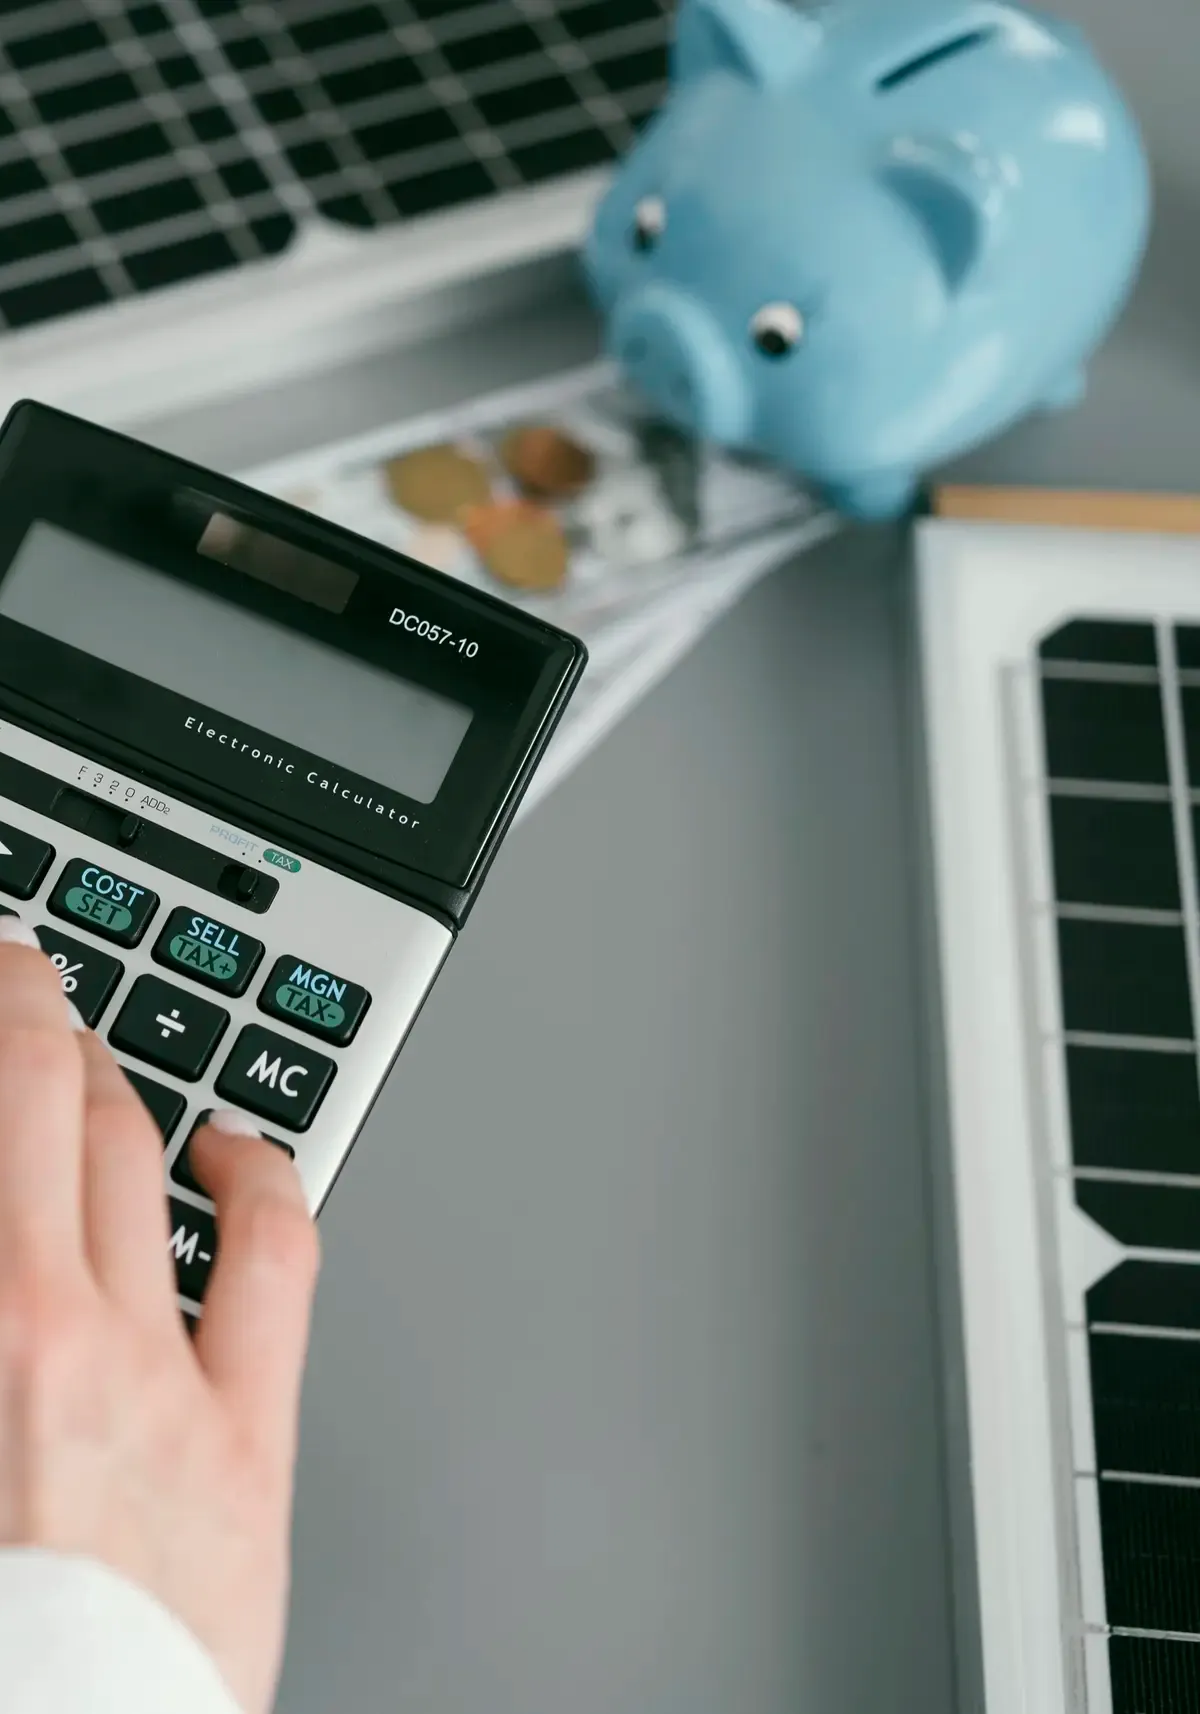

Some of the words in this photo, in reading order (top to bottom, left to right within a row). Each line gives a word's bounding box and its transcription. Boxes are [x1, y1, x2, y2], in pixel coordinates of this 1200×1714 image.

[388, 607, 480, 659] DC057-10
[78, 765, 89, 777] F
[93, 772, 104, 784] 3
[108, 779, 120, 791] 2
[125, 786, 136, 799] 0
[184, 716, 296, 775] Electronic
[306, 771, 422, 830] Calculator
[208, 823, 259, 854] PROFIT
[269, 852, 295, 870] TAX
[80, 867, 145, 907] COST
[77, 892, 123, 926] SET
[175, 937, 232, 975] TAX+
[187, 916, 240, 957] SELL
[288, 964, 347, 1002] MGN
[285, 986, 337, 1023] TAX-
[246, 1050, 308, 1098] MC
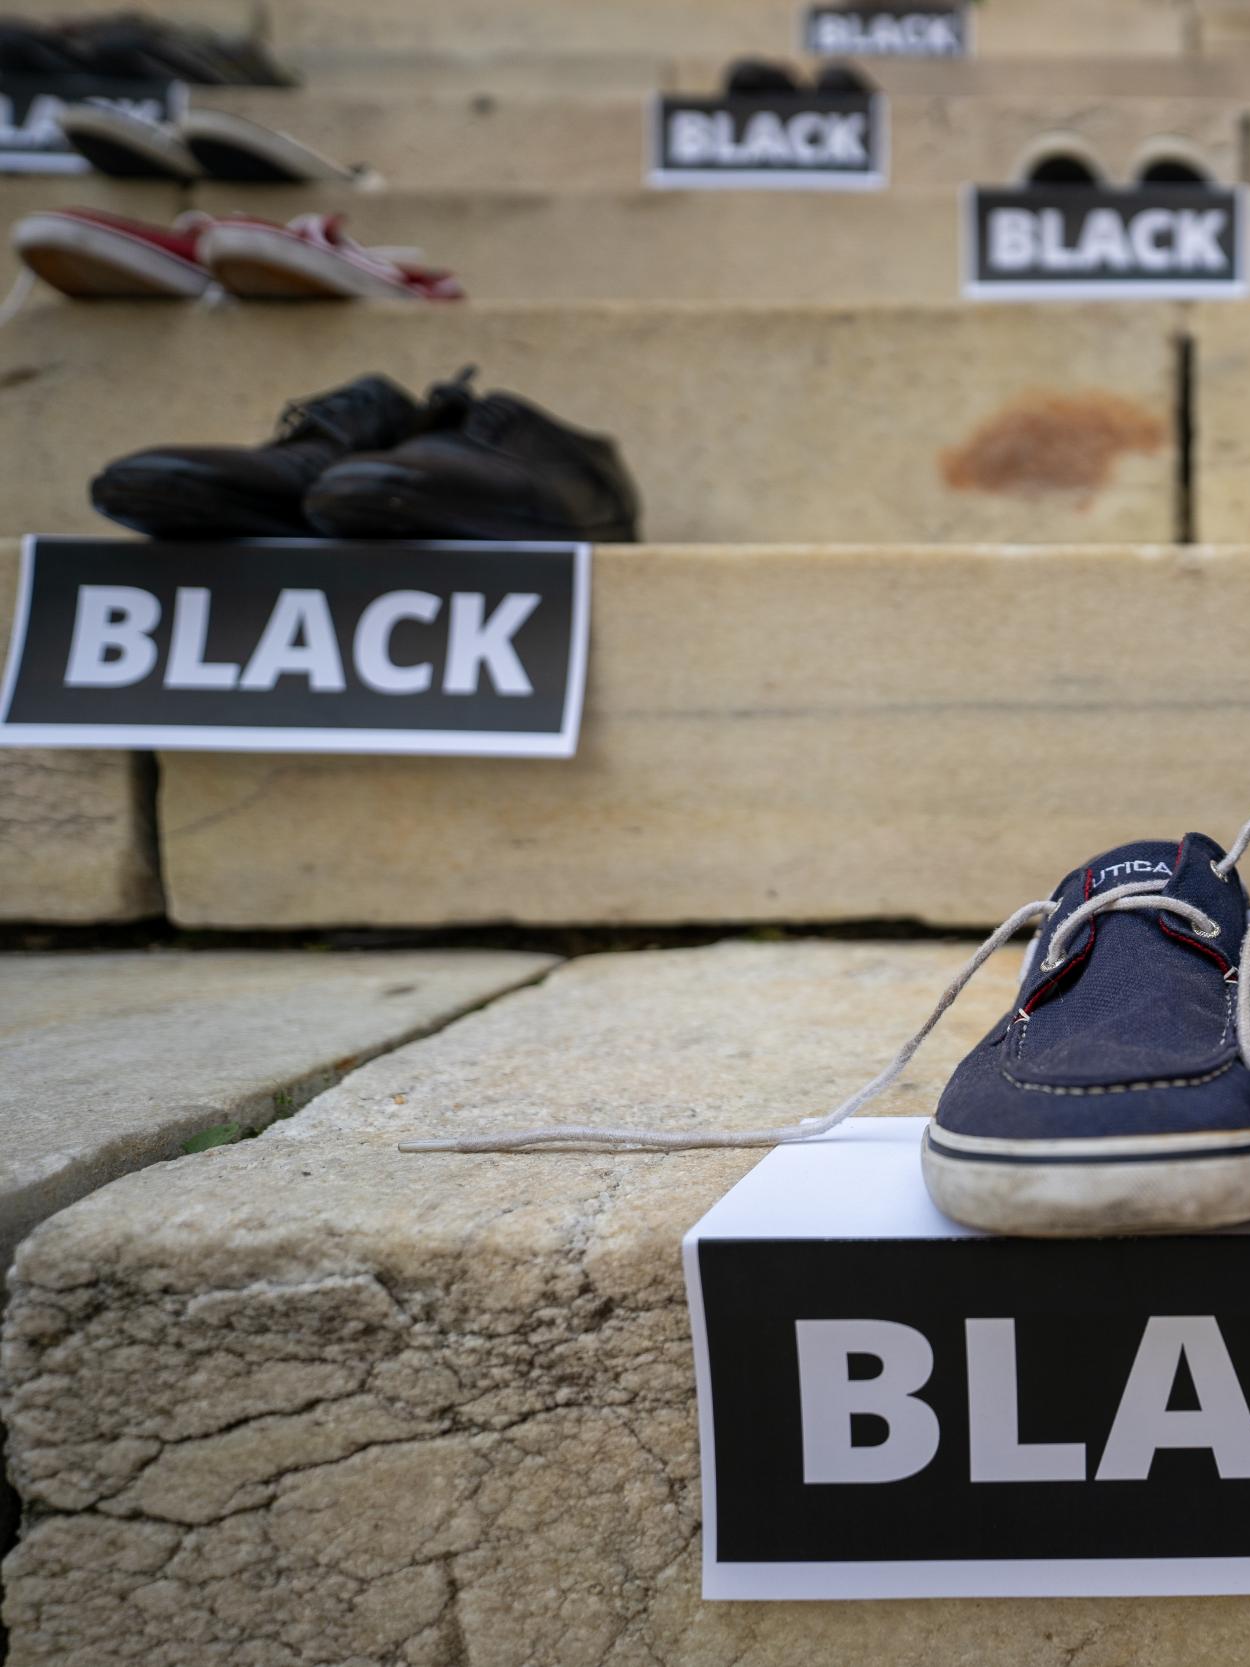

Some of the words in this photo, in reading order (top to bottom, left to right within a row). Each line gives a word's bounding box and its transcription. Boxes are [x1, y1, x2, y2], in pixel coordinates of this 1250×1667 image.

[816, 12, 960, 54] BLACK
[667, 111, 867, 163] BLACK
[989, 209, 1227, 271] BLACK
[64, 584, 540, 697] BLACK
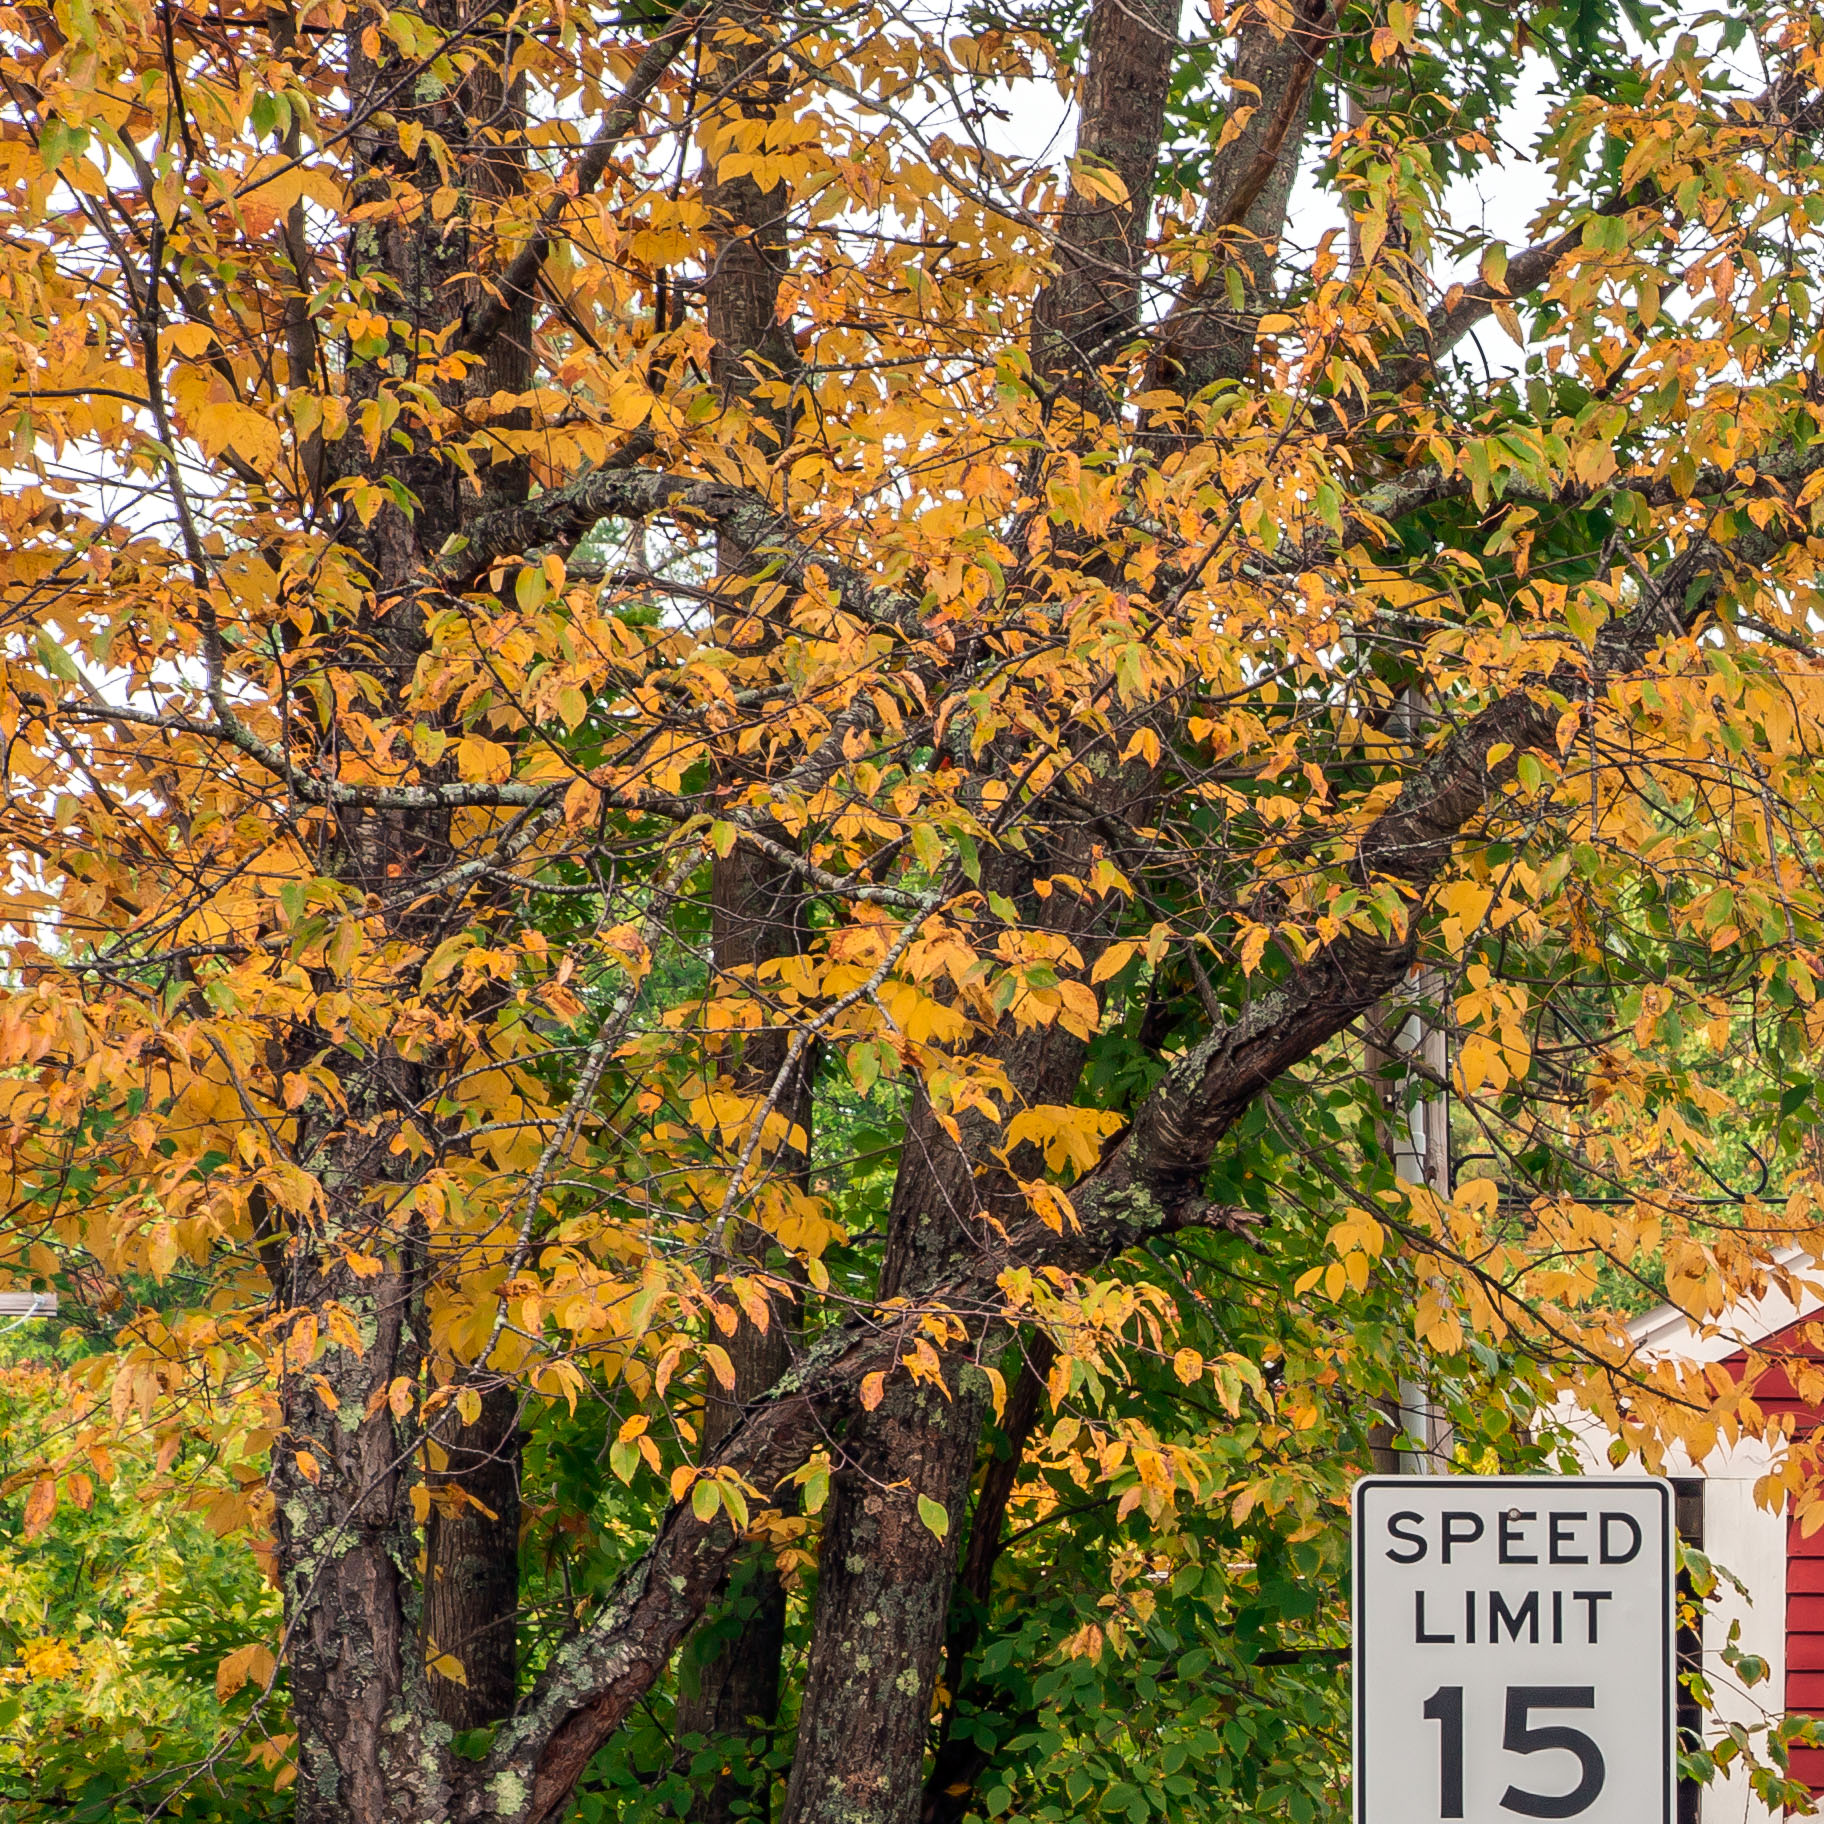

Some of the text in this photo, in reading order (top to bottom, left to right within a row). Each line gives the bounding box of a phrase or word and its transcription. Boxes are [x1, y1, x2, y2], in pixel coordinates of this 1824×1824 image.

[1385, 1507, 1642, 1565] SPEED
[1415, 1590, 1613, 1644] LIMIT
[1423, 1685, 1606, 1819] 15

* * * * * * *

**Exercise requirements**
With all pictures omitted, return the lines from the line containing "this 1250×1667 image." through the closing line of the listing above, exactly and inclusive.

**Solution below**
Some of the words in this photo, in reading order (top to bottom, left to right within a row). Each line gives a word's bounding box and its transcription. Boxes are [x1, y1, x2, y2], in pixel coordinates of this 1250×1667 image.

[816, 12, 960, 54] BLACK
[667, 111, 867, 163] BLACK
[989, 209, 1227, 271] BLACK
[64, 584, 540, 697] BLACK

Some of the text in this photo, in reading order (top to bottom, left to right within a row). Each line gives the bounding box of a phrase or word and its transcription. Boxes are [x1, y1, x2, y2], in pixel coordinates of this 1824×1824 image.

[1385, 1507, 1642, 1565] SPEED
[1415, 1590, 1613, 1644] LIMIT
[1423, 1685, 1606, 1819] 15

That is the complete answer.